I gripped Lena’s wrist and spoke low and fast. “Stevan’s wrong. I’ve a theory, but I need proof. Tell Marten he’s got to distract Ruslan somehow so I can talk to Kiran.”
Lena’s frown deepened, but she nodded. At the door, Ruslan swept a hand through the air. Silver scrawls of wards blazed bright and then dulled. Mikail said something to Kiran as they followed him inside, and Kiran’s teeth flashed white in a smile.
I’d thought the task of freeing Kiran hard enough before. But how did you free someone who didn’t even know he was in bondage?
Chapter Ten
(Dev)
T
he foyer of the dead mage’s house fit right in with what I expected of a highsider. Jeweled tiles in the pattern of sigils decorated the polished, rose-streaked marble of the walls and floor. Brilliantly colored stained glass skylights were spaced along the graceful arch of the ceiling.

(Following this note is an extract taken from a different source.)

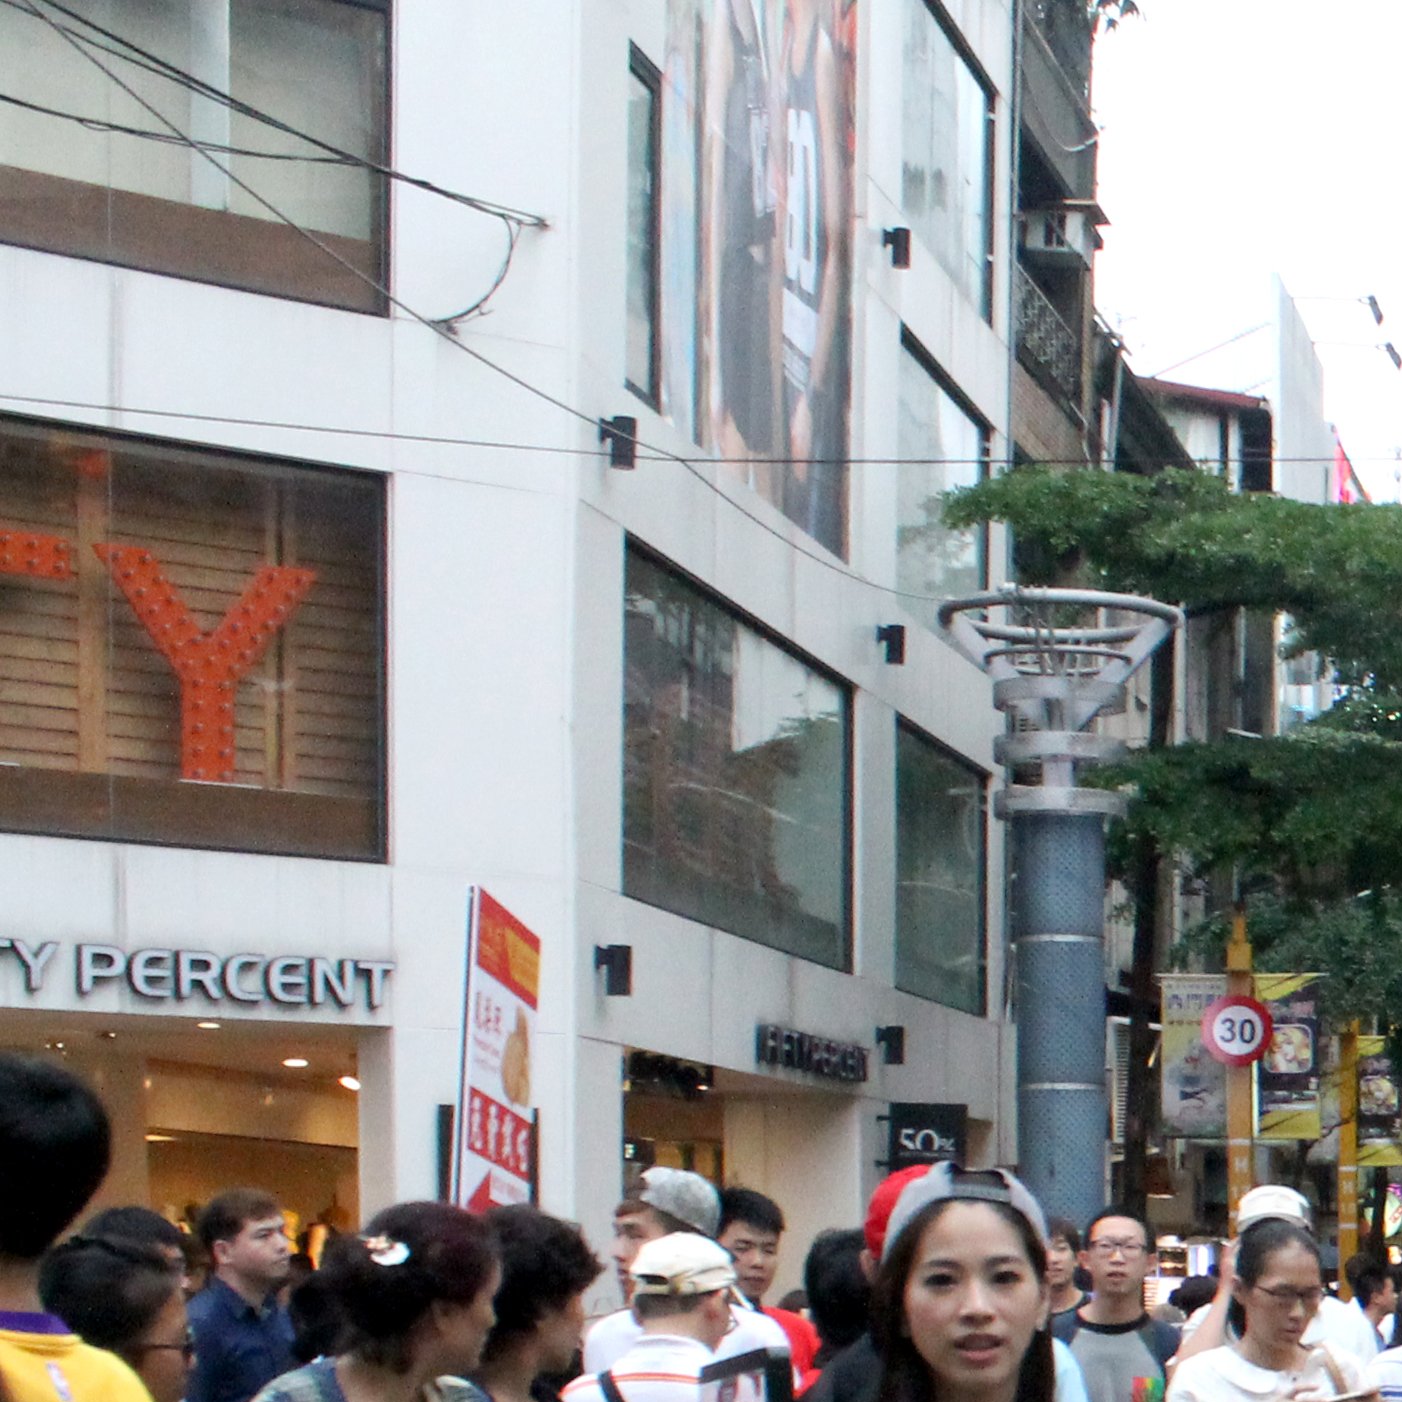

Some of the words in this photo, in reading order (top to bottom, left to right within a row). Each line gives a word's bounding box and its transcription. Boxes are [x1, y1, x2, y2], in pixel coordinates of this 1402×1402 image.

Magelights sat perched on intricate Sulanian bone carvings. Despite the knots in my stomach, curiosity pricked at me. I’d never been inside a mage’s house in Ninavel. No Taint thief handler with any kind of smarts would risk sending his kids into one. Wards were one thing; those could be shattered or fooled with the Taint, if a Tainter was clever enough. Active casting was something else, and everyone in Ninavel knew it.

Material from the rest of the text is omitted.